Usually when the boss turns the hose on you, it's a bad thing. Not so if you're an airline pilot.
We were just about to pull away from the gate in Reno today on Alaska Airlines flight 503, when the first officer interrupted the safety briefing to make an announcement.
He told us the fire trucks would be meeting us on the taxi way. Today was the Captain's last day with the airline. He was retiring after years of service to Alaska. As a tribute to him, the Reno airport sent out the fire trucks to give the plane a shower on the way out to runway. It was a surprise for the Captain, and the passengers applauded.
It's the first time I've been on a plane that received this traditional salute. It's sometimes used for retiring staff, the final flight of a particular airplane, the first flight of a new airplane, or other occasions that call for celebration.

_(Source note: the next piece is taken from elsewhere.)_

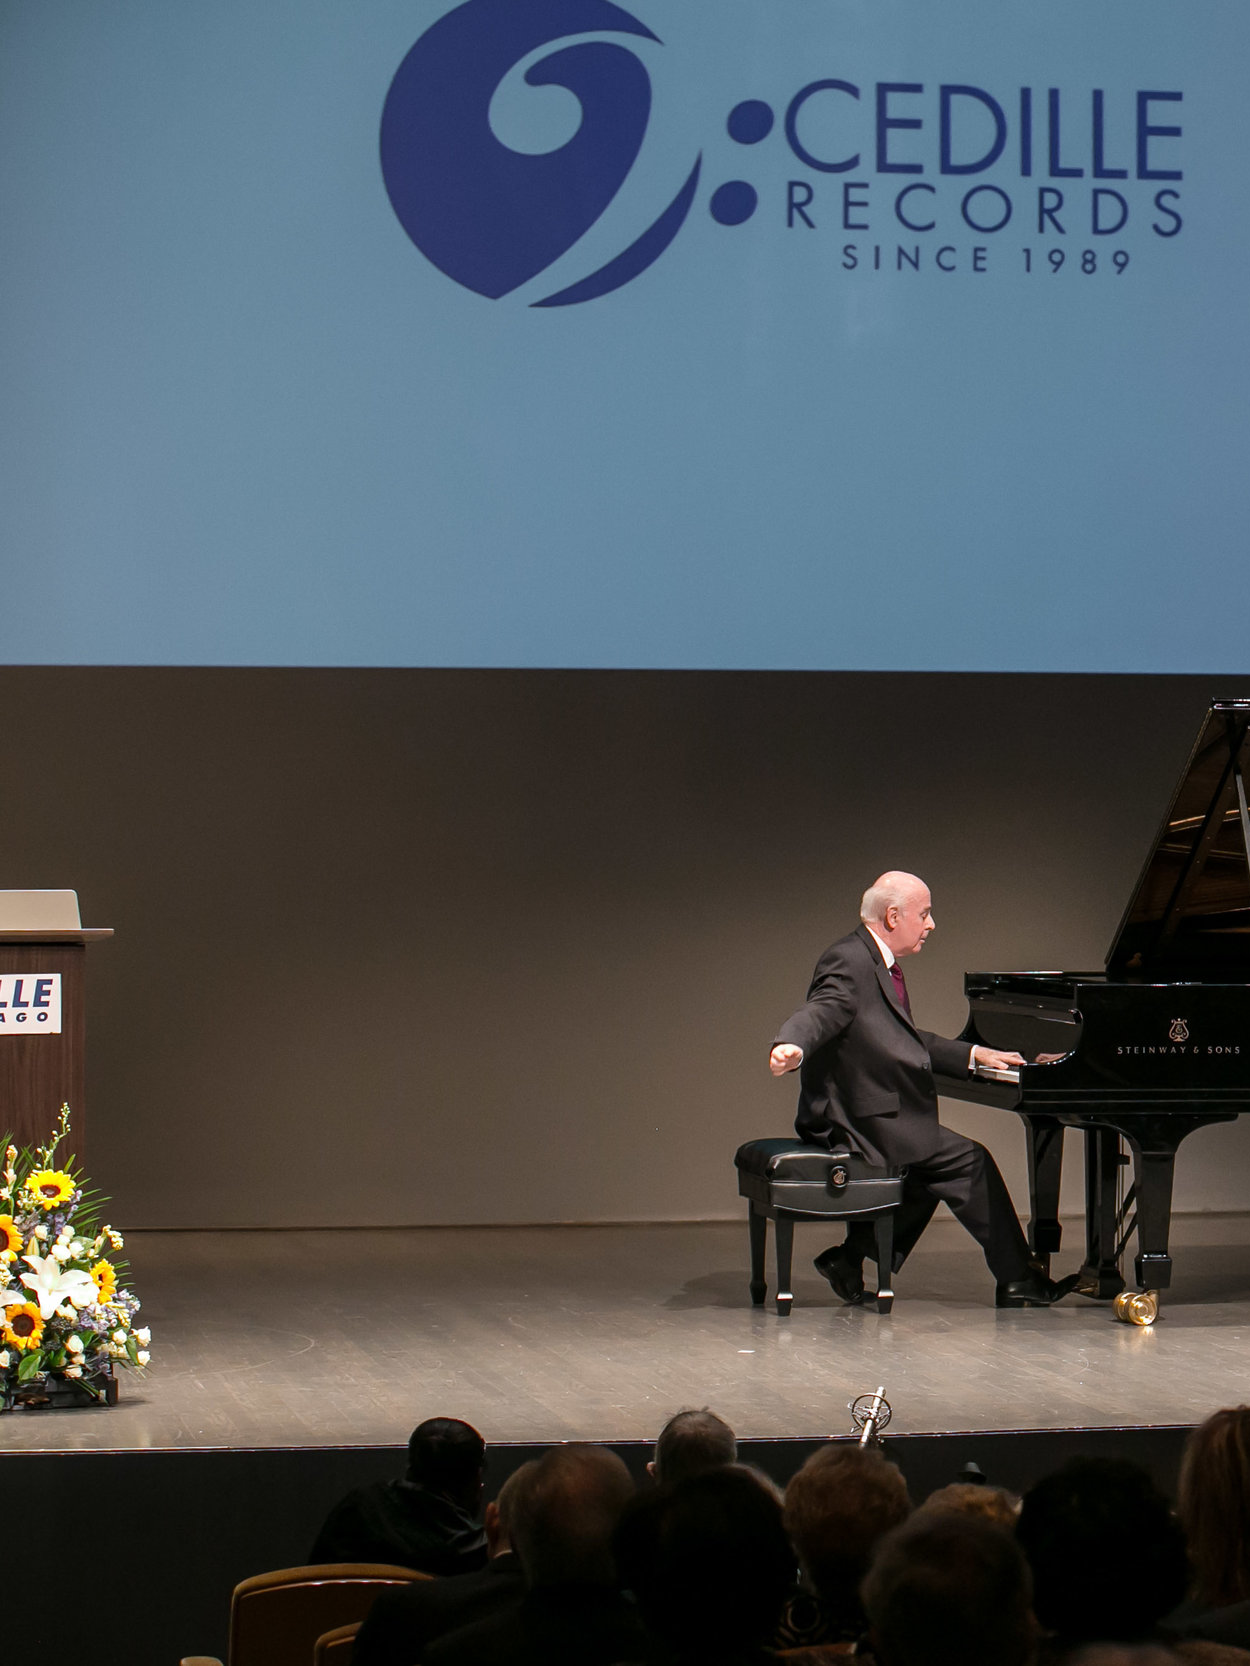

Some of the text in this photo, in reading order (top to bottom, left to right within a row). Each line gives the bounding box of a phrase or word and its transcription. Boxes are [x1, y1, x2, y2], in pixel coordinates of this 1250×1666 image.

As we pulled away for the gate and made our way to the ceremonial shower, I looked out the window saw ground staff, airport personnel, and employees from other airlines standing along taxiway and waving good bye to the Captain as he drove our plane to runway.
The shower was gentle. There was none of the high pressure noise you get with de-icing. We continued out to the runway, and plane made a steep climb as we took off into the rough mountain air of Reno. We reached Seattle early, and the Captain brought our plane, one of the company's newest (N546AS), into one of the softest landings I've felt in ages. Again, the passengers applauded.
Good luck, Captain. Enjoy your retirement.